01/12/2020

Les AFC se mobilisent pour la liberté du culte

Depuis le lundi 2 novembre, les AFC se sont mobilisées pour le retour des célébrations publiques. Retour sur un mois d’action de la CNAFC.

Depuis le lundi 2 novembre, les AFC se sont mobilisées pour la liberté de culte et le retour des célébrations publiques. La détermination des AFC a porté ses fruits.

Dimanche 29 novembre, le Conseil d’État a entendu les requêtes portées par plusieurs associations et a enjoint le « Premier ministre de modifier, dans un délai de trois jours les dispositions du I de l’article 47 du décret n° 2020-1310 du 29 octobre 2020, en prenant les mesures strictement proportionnées d’encadrement des rassemblements et réunions dans les établissements de culte ».

Cette mesure de trente personnes apparaissait en effet comme incohérente, inapplicable et méprisante à l’égard des religions alors que les transports, entre autres, accueillent du public sans limite de densité.

Retour sur un mois d’action de la CNAFC.

Un référé-liberté pour les cultes

Lundi 2 novembre, les AFC, conjointement avec d’autres associations confessionnelles et des évêques* ont déposé une requête en référé-liberté auprès du Conseil d’État. Ils ont demandé au Premier Ministre de modifier deux articles du décret du 29 octobre 2020, portant une atteinte grave et illégale à la liberté fondamentale du culte et au droit de participer collectivement à des cérémonies cultuelles :

  • d’une part, pour permettre aux personnes de se rendre à un lieu de culte distant de plus d’un kilomètre de leur domicile, sans condition de durée, tout en prenant en compte la situation particulières des aumôniers appelés à se rendre au chevet de leurs fidèles ;
  • d’autre part, pour autoriser les rassemblements dans les établissements de culte en limitant leur durée à 90 minutes et en prescrivant toutes les mesures utiles à la prévention de la propagation du virus.
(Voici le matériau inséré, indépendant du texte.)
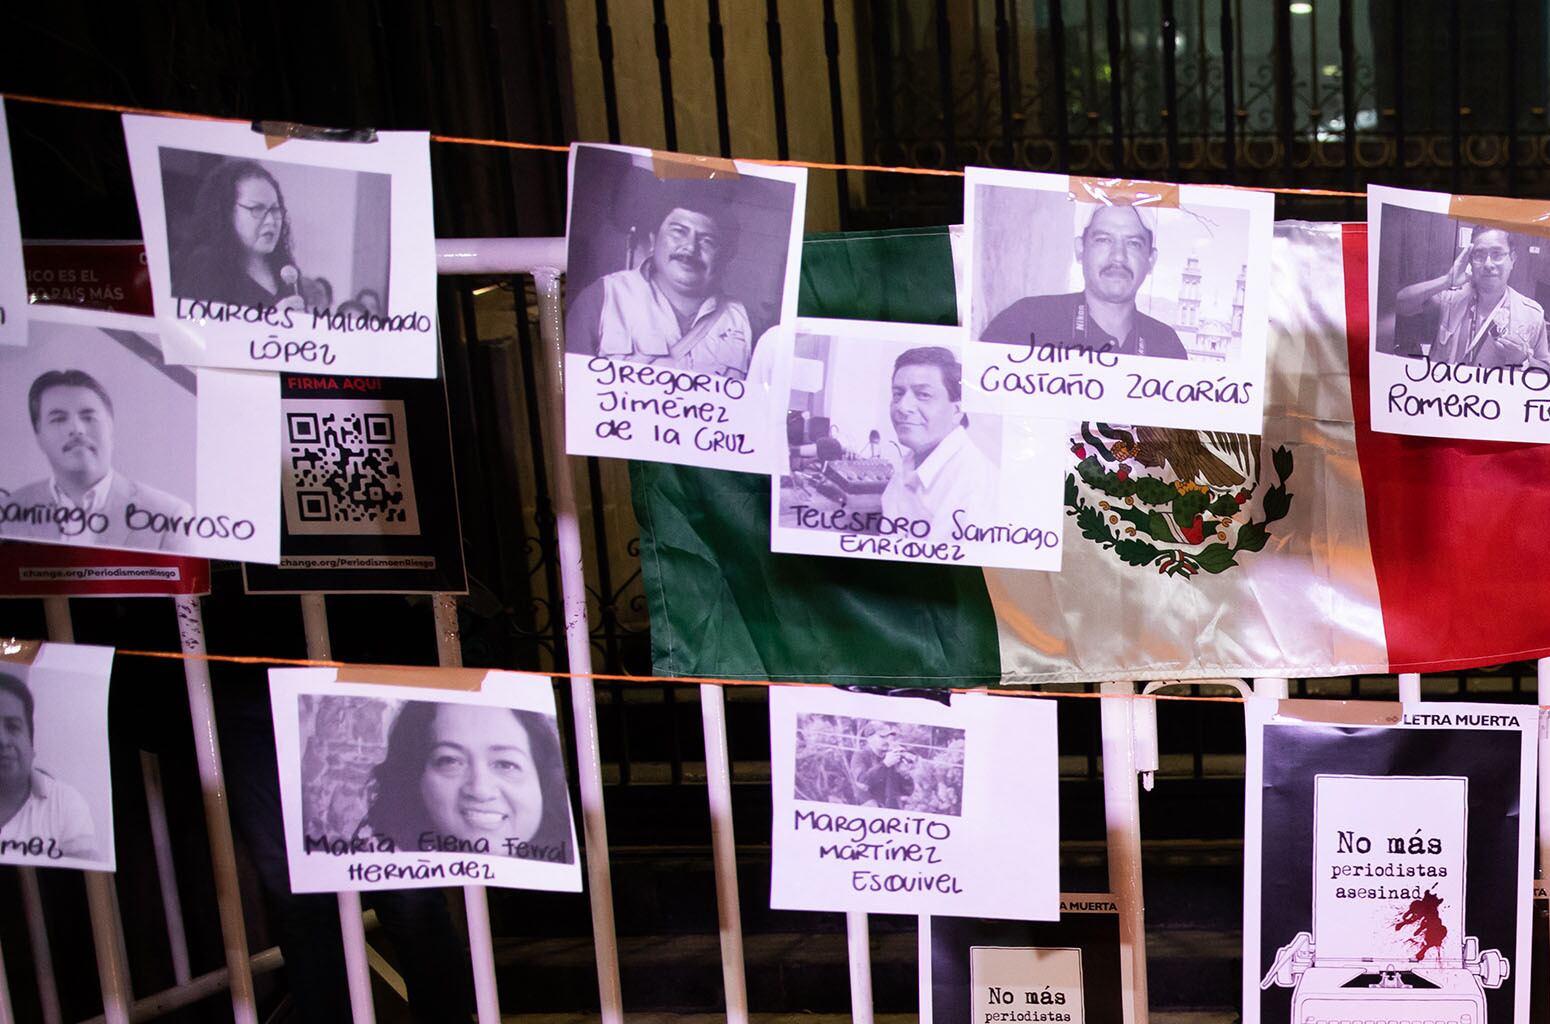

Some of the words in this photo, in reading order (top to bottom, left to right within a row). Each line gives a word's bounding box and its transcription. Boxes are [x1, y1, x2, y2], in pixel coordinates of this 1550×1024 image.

[89, 284, 124, 300] MÁS
[1007, 331, 1120, 369] Jaime
[287, 376, 339, 391] FIRMA
[595, 419, 633, 441] de
[125, 503, 256, 541] Barroso
[952, 508, 1060, 551] Santiago
[1403, 714, 1452, 726] LETRA
[1455, 714, 1520, 727] MUERTA
[0, 836, 63, 860] mez
[417, 831, 490, 854] Elena
[1337, 830, 1372, 856] No
[1386, 828, 1443, 856] más
[1330, 861, 1448, 881] periodistas
[1070, 902, 1118, 911] MUERTA
[988, 986, 1015, 1006] No
[1025, 985, 1067, 1006] más
Le juge des référés du Conseil d’État a donné sa réponse le samedi 7 novembre. Son ordonnance n’a malheureusement pas donné satisfaction, tant les considérations qui la motivent apparaissent juridiquement et factuellement fragiles. Même si le Conseil d’État a clarifié les modalités dérogatoires, notamment pour permettre aux fidèles de se rendre dans un lieu de culte éloigné de plus de 1 km de leur domicile, permettre aux ministres du culte de se rendre au domicile de leurs fidèles et autorise les mariages religieux, il n’a toujours pas autorisé la reprise des rassemblements communautaires.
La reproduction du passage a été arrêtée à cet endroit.